Please write out the whole listing that follows exactly; the pictures stay out.

--- START ---

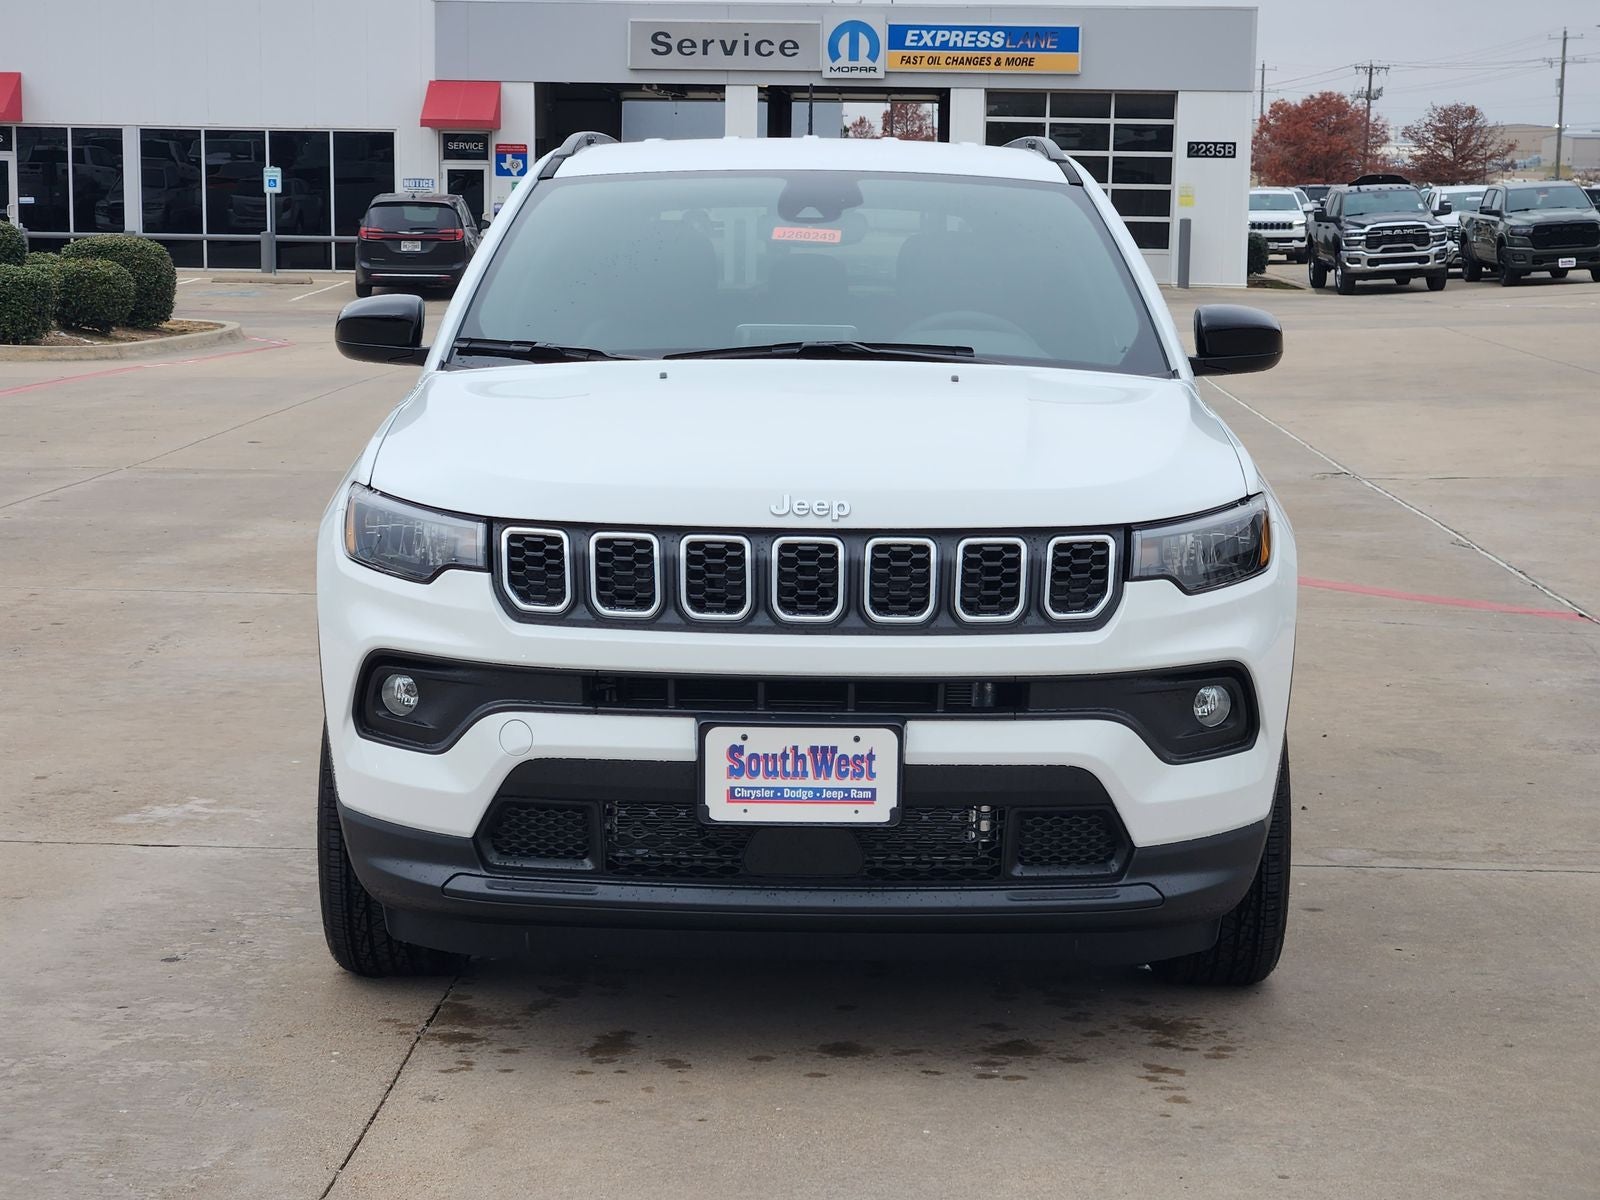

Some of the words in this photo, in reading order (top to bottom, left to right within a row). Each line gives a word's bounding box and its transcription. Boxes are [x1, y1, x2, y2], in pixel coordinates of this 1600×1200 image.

[650, 31, 801, 58] Service
[899, 55, 925, 66] FAST
[928, 55, 942, 66] OIL
[945, 55, 991, 67] CHANGES
[995, 56, 1002, 67] &
[1005, 56, 1035, 67] MORE
[448, 141, 484, 150] SERVICE
[1189, 143, 1235, 156] 2235B
[403, 179, 433, 187] NOTICE
[771, 494, 851, 521] Jeep
[734, 787, 774, 800] Chrysler
[783, 788, 813, 800] Dodge
[821, 789, 843, 800] Jeep
[850, 789, 872, 799] Ram
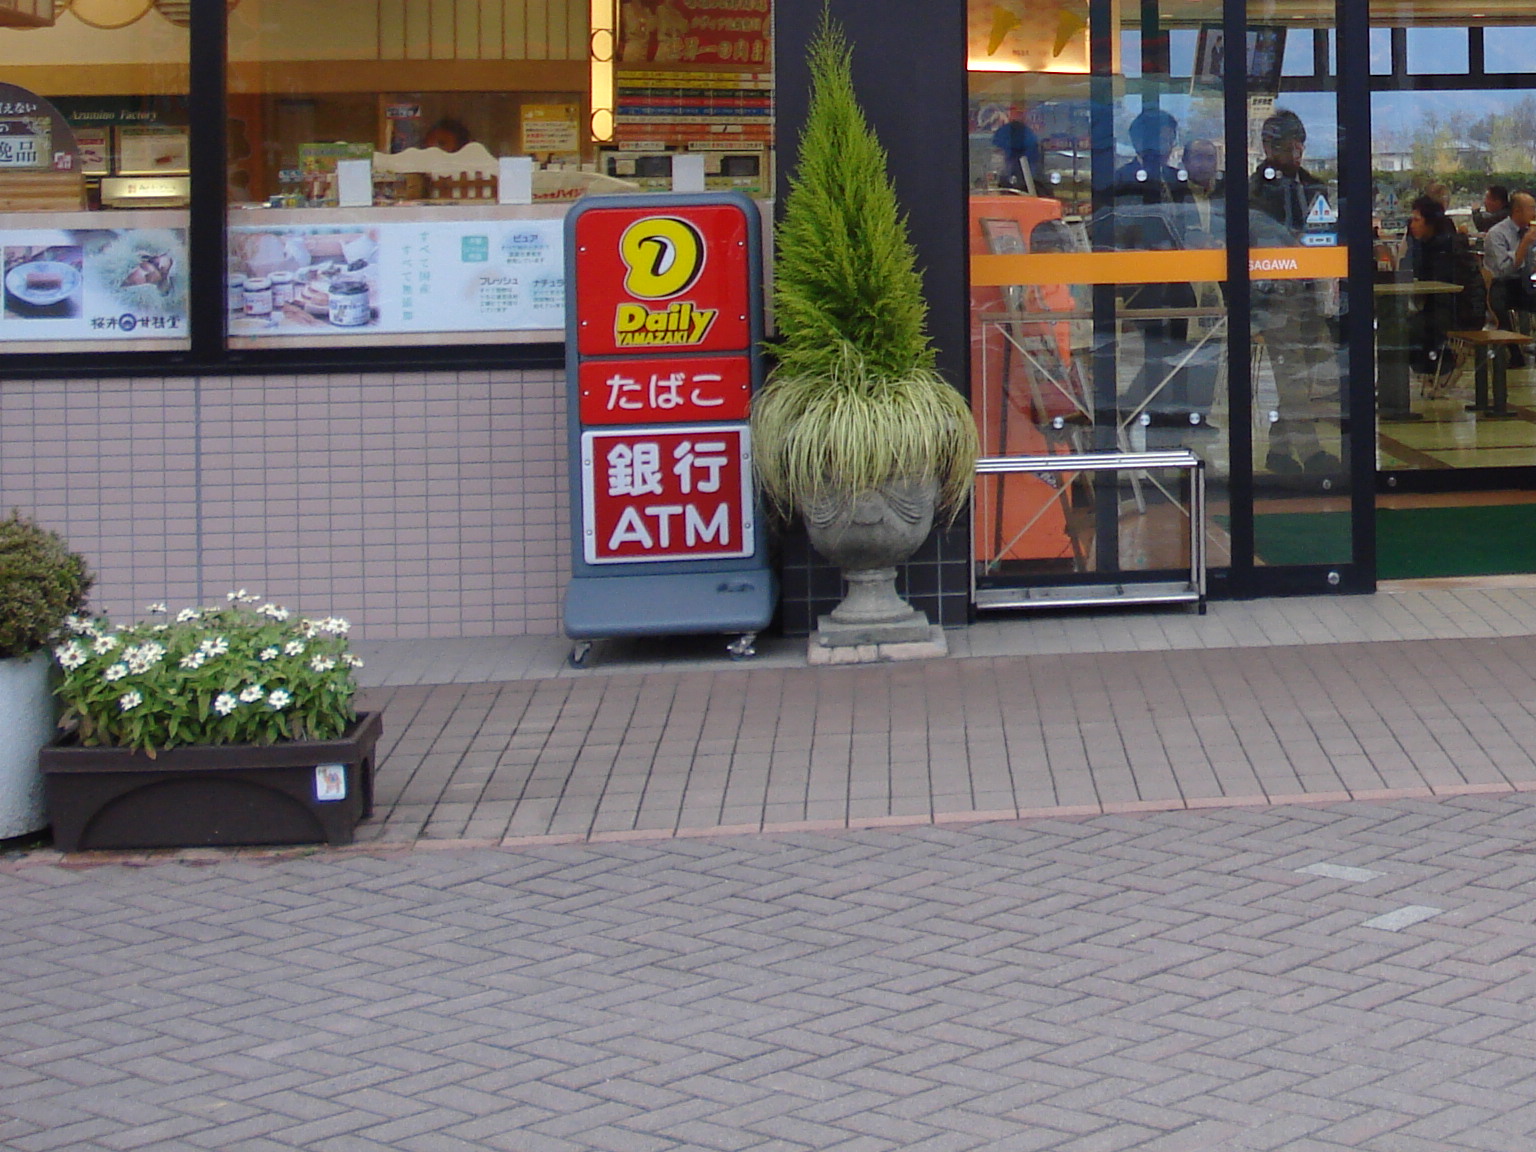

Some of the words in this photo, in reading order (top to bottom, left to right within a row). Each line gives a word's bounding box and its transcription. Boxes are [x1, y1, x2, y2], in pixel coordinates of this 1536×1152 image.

[71, 110, 115, 120] Azumino
[119, 109, 157, 122] Factory
[513, 234, 539, 243] ピュア
[479, 277, 518, 286] フレッシュ
[532, 279, 566, 288] ナチュラ
[617, 302, 717, 344] Daily
[617, 331, 690, 346] YAMAZAKI
[606, 372, 725, 410] たばこ
[606, 440, 728, 496] 銀行
[608, 503, 729, 550] ATM

--- END ---

→ **The answer**:
Some of the words in this photo, in reading order (top to bottom, left to right within a row). Each line gives a word's bounding box and its transcription. Boxes are [x1, y1, x2, y2], in pixel coordinates of this 1600×1200 image.

[650, 31, 801, 58] Service
[899, 55, 925, 66] FAST
[928, 55, 942, 66] OIL
[945, 55, 991, 67] CHANGES
[995, 56, 1002, 67] &
[1005, 56, 1035, 67] MORE
[448, 141, 484, 150] SERVICE
[1189, 143, 1235, 156] 2235B
[403, 179, 433, 187] NOTICE
[771, 494, 851, 521] Jeep
[734, 787, 774, 800] Chrysler
[783, 788, 813, 800] Dodge
[821, 789, 843, 800] Jeep
[850, 789, 872, 799] Ram

Some of the words in this photo, in reading order (top to bottom, left to right within a row). Each line gives a word's bounding box and its transcription. Boxes are [x1, y1, x2, y2], in pixel coordinates of this 1536×1152 image.

[71, 110, 115, 120] Azumino
[119, 109, 157, 122] Factory
[513, 234, 539, 243] ピュア
[479, 277, 518, 286] フレッシュ
[532, 279, 566, 288] ナチュラ
[617, 302, 717, 344] Daily
[617, 331, 690, 346] YAMAZAKI
[606, 372, 725, 410] たばこ
[606, 440, 728, 496] 銀行
[608, 503, 729, 550] ATM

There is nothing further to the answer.